Cuando en un contrato de novación, que modifica una cláusula potencialmente abusiva de un contrato previo, se establece que el consumidor renuncia a ejercer acciones judiciales contra la entidad, debe situarse al consumidor en condiciones de comprender las consecuencias jurídicas y económicas que para él se derivan y, además, que este consumidor haya podido influir en el contenido de la nueva cláusula, extremo que corresponde comprobar al juez nacional.
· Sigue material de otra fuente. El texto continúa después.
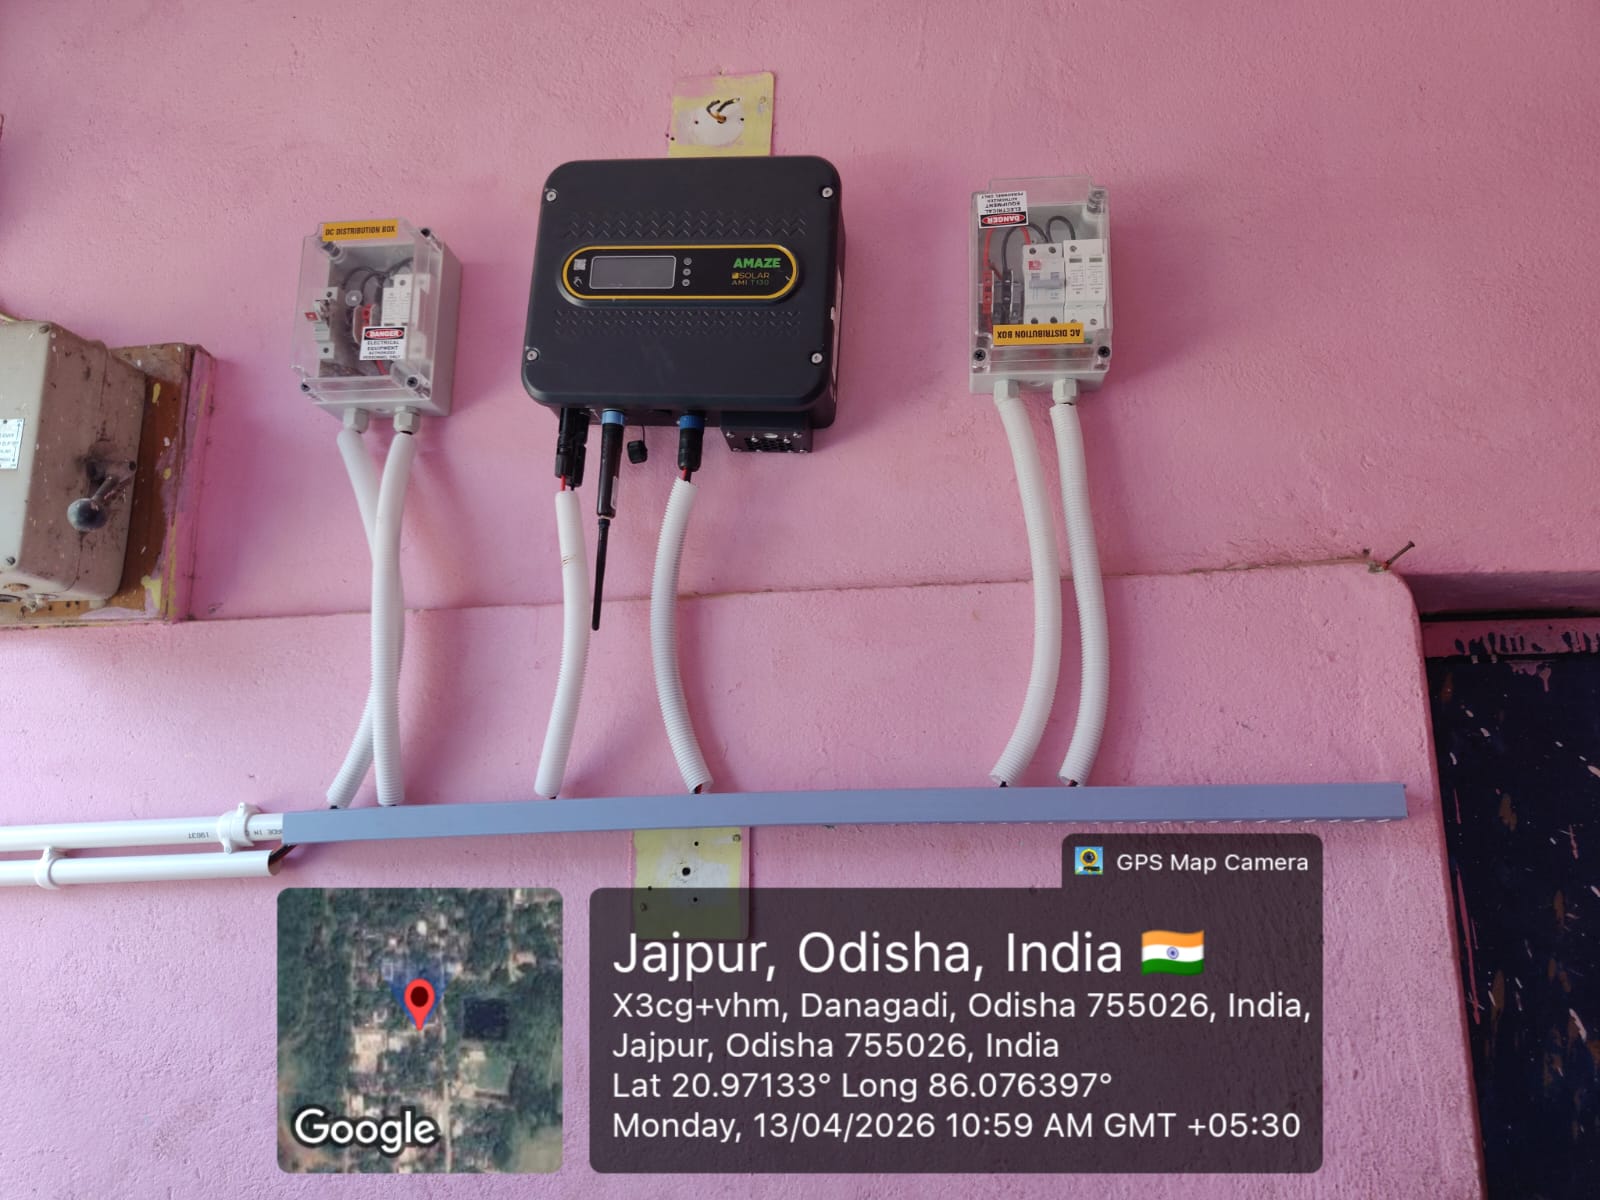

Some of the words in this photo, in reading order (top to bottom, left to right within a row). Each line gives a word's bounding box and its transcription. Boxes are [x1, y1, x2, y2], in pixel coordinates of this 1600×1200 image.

[987, 215, 1020, 224] DANGER
[325, 228, 335, 236] DC
[336, 225, 381, 236] DISTRIBUTION
[381, 225, 396, 233] BOX
[733, 257, 782, 269] AMAZE
[370, 330, 398, 338] DANGER
[997, 330, 1013, 339] BOX
[1015, 328, 1068, 339] DISTRIBUTION
[1069, 328, 1081, 337] AC
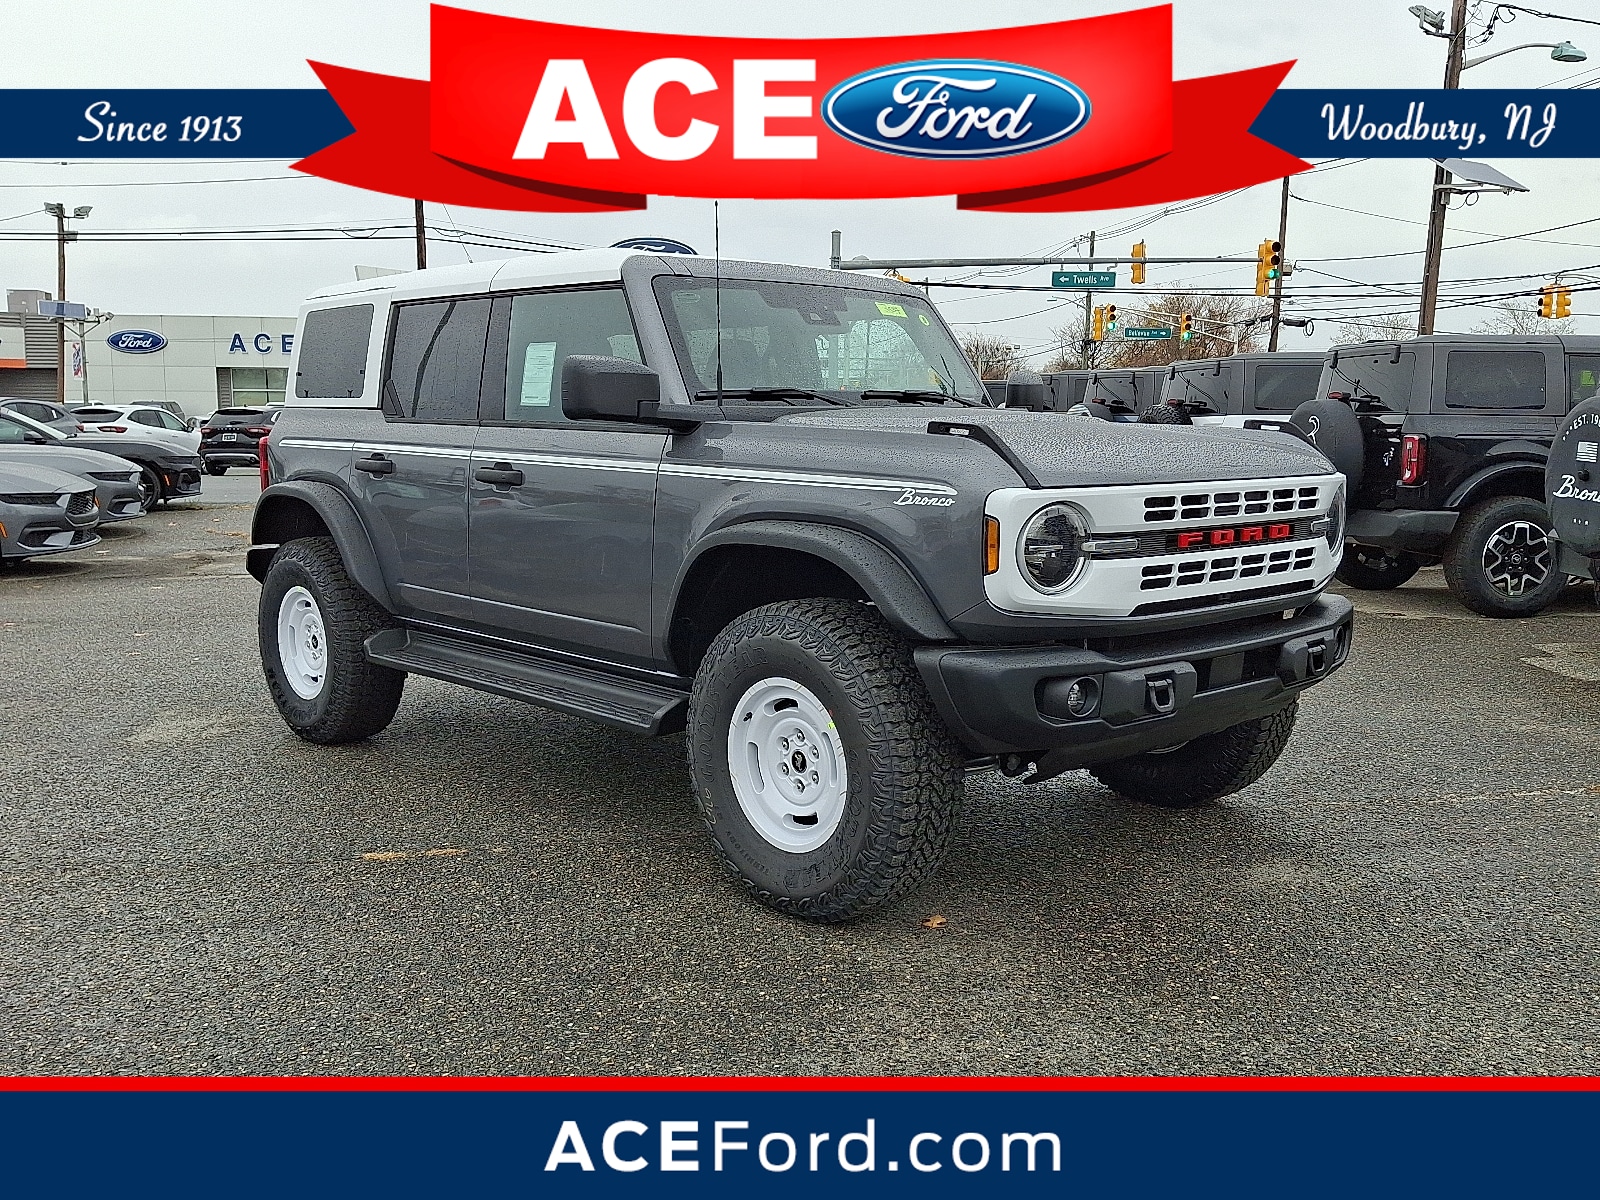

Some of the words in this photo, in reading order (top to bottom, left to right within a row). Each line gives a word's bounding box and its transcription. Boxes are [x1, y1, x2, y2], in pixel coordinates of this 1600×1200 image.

Así, lo establece el Tribunal de Justicia de la Unión Europea (TJUE) en una sentencia, de 3 de marzo de 2021, en la que se establece que siempre que la renuncia proceda de un consentimiento libre e informado del consumidor, la Directiva no se opone a que una cláusula de un contrato celebrado entre un profesional y un consumidor, cuyo carácter abusivo puede ser declarado judicialmente, sea objeto de una novación entre ese profesional y el consumidor para que éste renuncie a los efectos que pudieran derivarse de la declaración del carácter abusivo de esa cláusula.

La ponente, la magistrada Ineta Ziemele, determina que  al juez nacional le corresponde comprobar estos extremos. En cambio, la cláusula mediante la que el mismo consumidor renuncia, en lo referente a controversias futuras, a las acciones judiciales basadas en los derechos que le reconoce la Directiva 93/13 no vincula al consumidor.

Larga duración

La magistrada razona, que cuando una cláusula que limitarla fluctuación a la baja de un tipo de interés variable calculado a partir de un índice, resulta evidente que el valor exacto de ese te tipo variable no puede fijarse en un contrato de préstamo para toda su duración.
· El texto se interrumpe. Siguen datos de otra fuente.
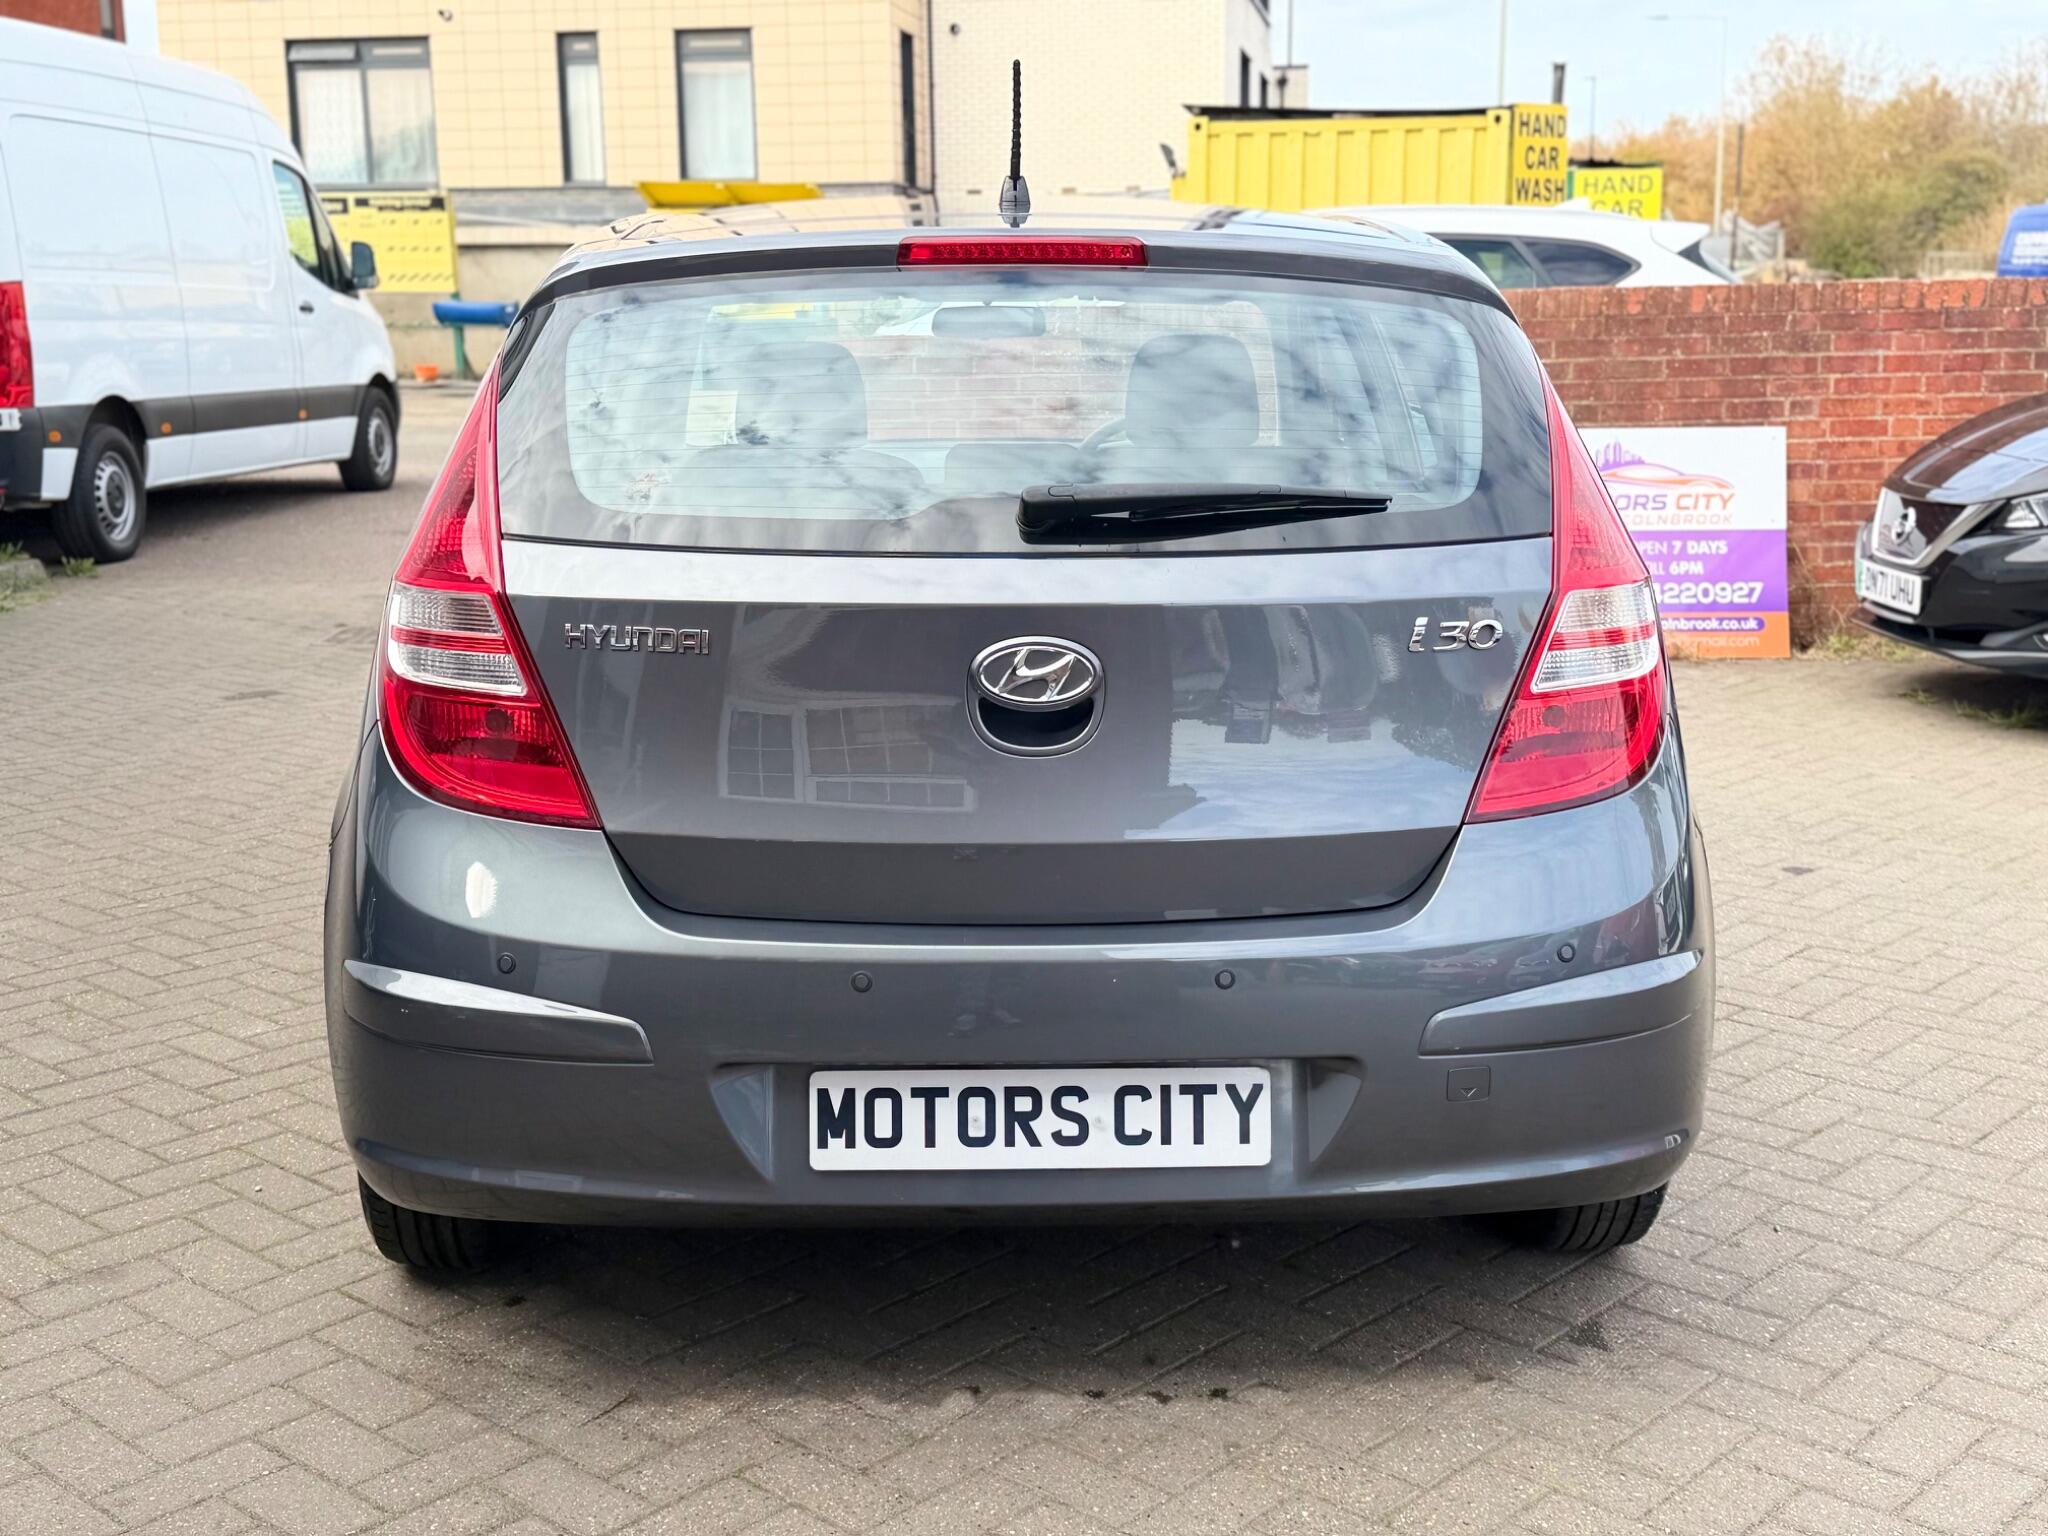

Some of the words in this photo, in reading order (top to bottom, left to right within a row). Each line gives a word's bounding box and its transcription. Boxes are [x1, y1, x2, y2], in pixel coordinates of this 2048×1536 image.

[1519, 112, 1566, 138] HAND
[1525, 145, 1560, 170] CAR
[1515, 177, 1565, 203] WASH
[1583, 174, 1654, 195] HAND
[1615, 494, 1668, 510] ORS
[1676, 493, 1735, 511] CITY
[1636, 540, 1668, 555] PEN
[1671, 540, 1683, 555] 7
[1687, 540, 1729, 555] DAYS
[1669, 561, 1705, 575] 6PM
[1661, 617, 1759, 631] olnbrook.co.uk
[564, 623, 710, 655] HYUNDAI
[816, 1085, 1090, 1149] MOTORS
[1113, 1083, 1265, 1147] CITY
Por ello, considera que no cabe exigir a un profesional que facilite información precisa acerca de las consecuencias económicas asociadas a las variaciones del tipo de interés durante la vigencia del contrato, ya que esas variaciones dependen de acontecimientos futuros no previsibles y ajenos a la voluntad del profesional.

En particular, la aplicación de un tipo de interés variable conlleva, a lo largo del tiempo, por su propia naturaleza, una fluctuación de los importes de las cuotas futuras, de forma que el profesional no está en condiciones de precisar el impacto exacto de la aplicación de una cláusula suelo sobre tales cuotas, tal y como establece las sentencia de 9 de julio de 2020 del TJUE.

En la misma sentencia se detallaba que en relación con préstamos hipotecarios de tipo de interés variable que el suministro de información sobre la evolución en el pasado del índice en que se basa el cálculo del tipo aplicable constituye un elemento pertinente.

Así, mediante tal información puede situarse al consumidor en condiciones de tomar conciencia, a la luz de las fluctuaciones pasadas, de la eventualidad de que no pueda beneficiarse de tipos inferiores al tipo suelo que se le propone.

Sobre las cantidades a renunciar con una nueva cláusula suelo, coincidentes con la diferencia entre las sumas satisfechas por el consumidor en aplicación de la cláusula suelo inicial y las que hubieran debido abonarse en ausencia de ella, esas cantidades deberían calcularse fácilmente por un consumidor medio normalmente informado y razonablemente perspicaz, siempre que la entidad bancaria haya puesto a su disposición todos los datos necesarios.